ITC Hotels set an unprecedented benchmark when its 11 luxury hotels all became certified LEED Platinum, a process that included retrofitting nine properties. Today, the company is India’s second-largest hotel chain, with more than 90 hotels throughout the country, and the only company in the world of its size to have been carbon positive for 13 years, water positive for 16 years, and solid waste recycling positive for 11 years—all in one of the world’s most polluted countries.
In May, the company opened its newest hotel in Hyderabad, ITC Kohenur, which uses high-tech green initiatives like 100% LED lighting, a green roof, and a unique building structure that captures maximum sunlight, but also guest-facing improvements like Vitamin C–infused showers and plants in every room to improve air quality.
These are just a few of the sustainable initiatives that ITC incorporates into its luxury hotels, according to Dipak Haksar, the company’s chief executive.

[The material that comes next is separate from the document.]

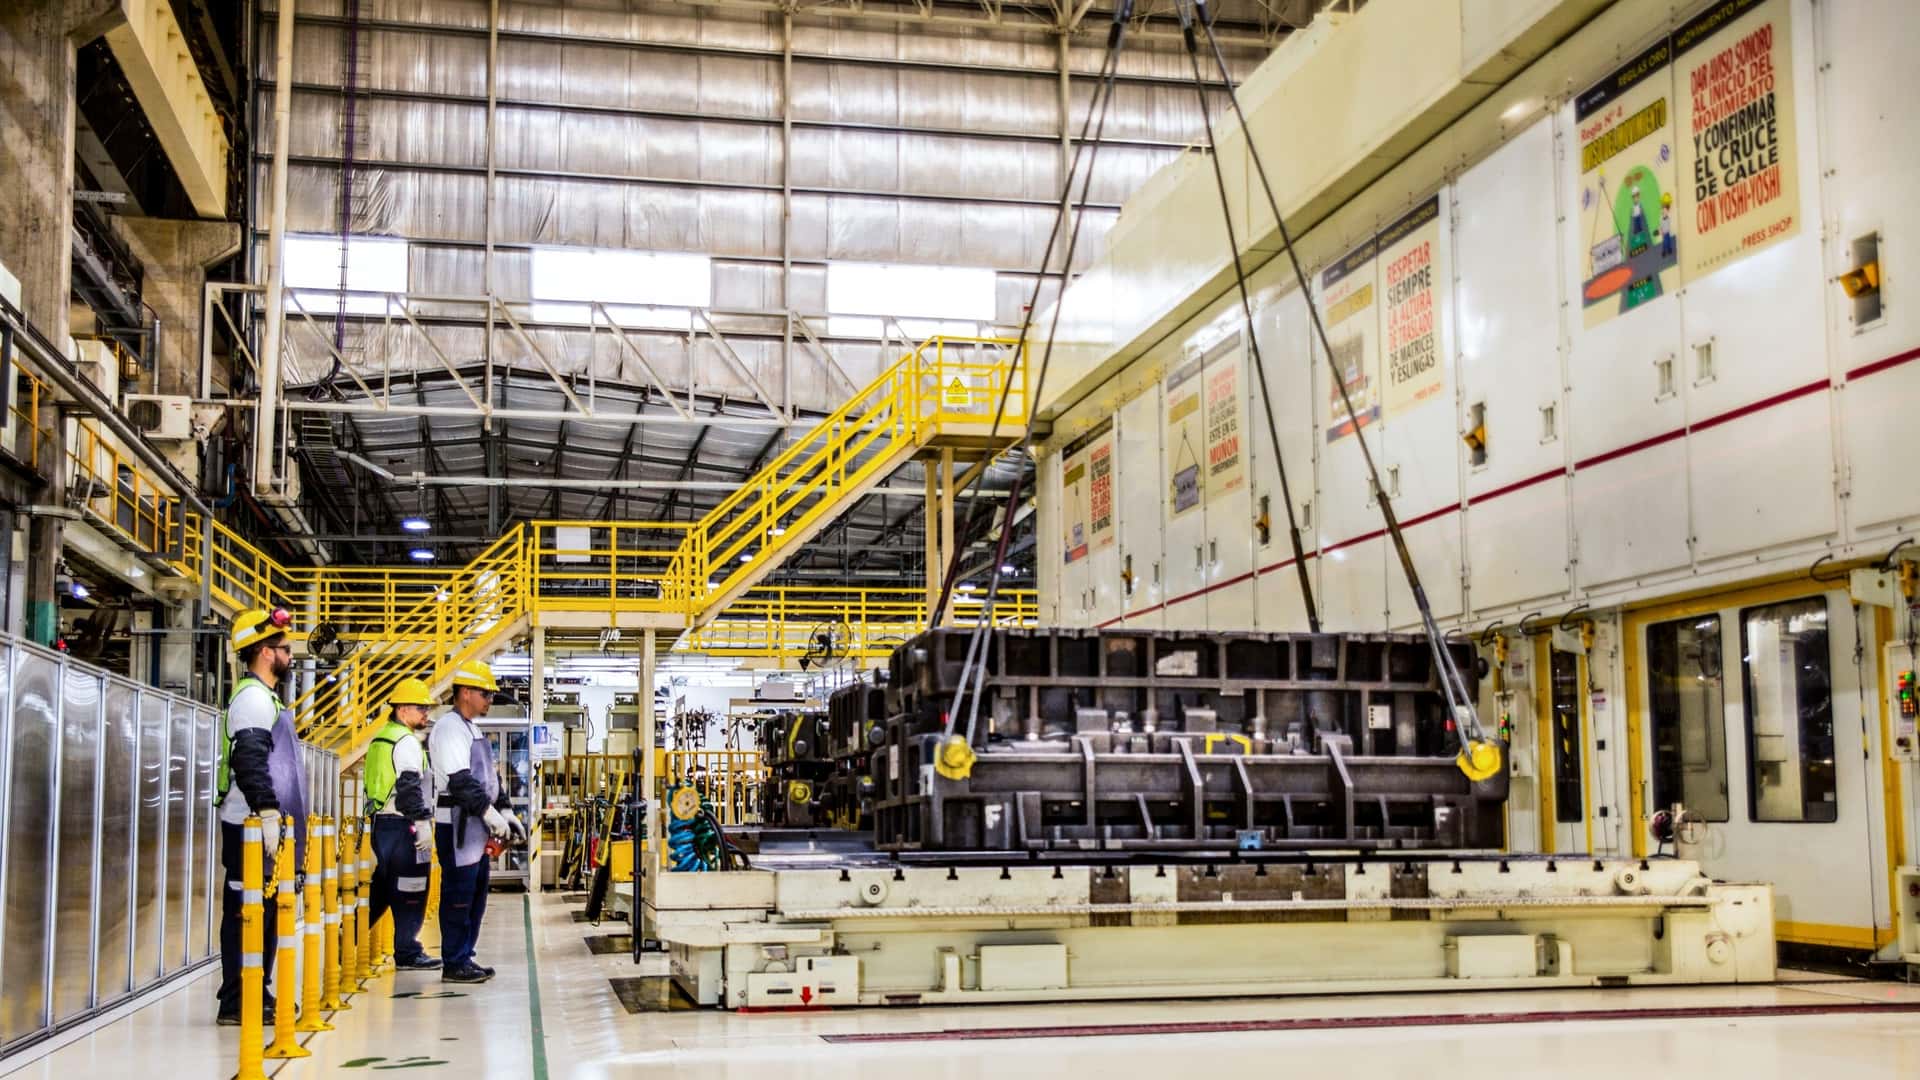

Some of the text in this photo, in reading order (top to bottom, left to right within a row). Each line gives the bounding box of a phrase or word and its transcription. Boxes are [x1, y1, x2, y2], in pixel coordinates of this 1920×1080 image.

The company has a “Responsible Luxury” mission, trying to combat the challenges ITC faces in India and the future of sustainability and luxury travel.
“The conscious consumer is looking to contribute by endorsing luxury brands that are eco-friendly. In the context of luxury hotels, it takes on the challenge of making luxury more meaningful with deeper roots in society and the environment,” says Dipak Haksar. “By 2030, the hospitality landscape will be unrecognizable compared to the standards of today, and sustainability will be one of the pervasive drivers of change. And those who fail to adhere to these changes in the industry find the risk of getting lost.”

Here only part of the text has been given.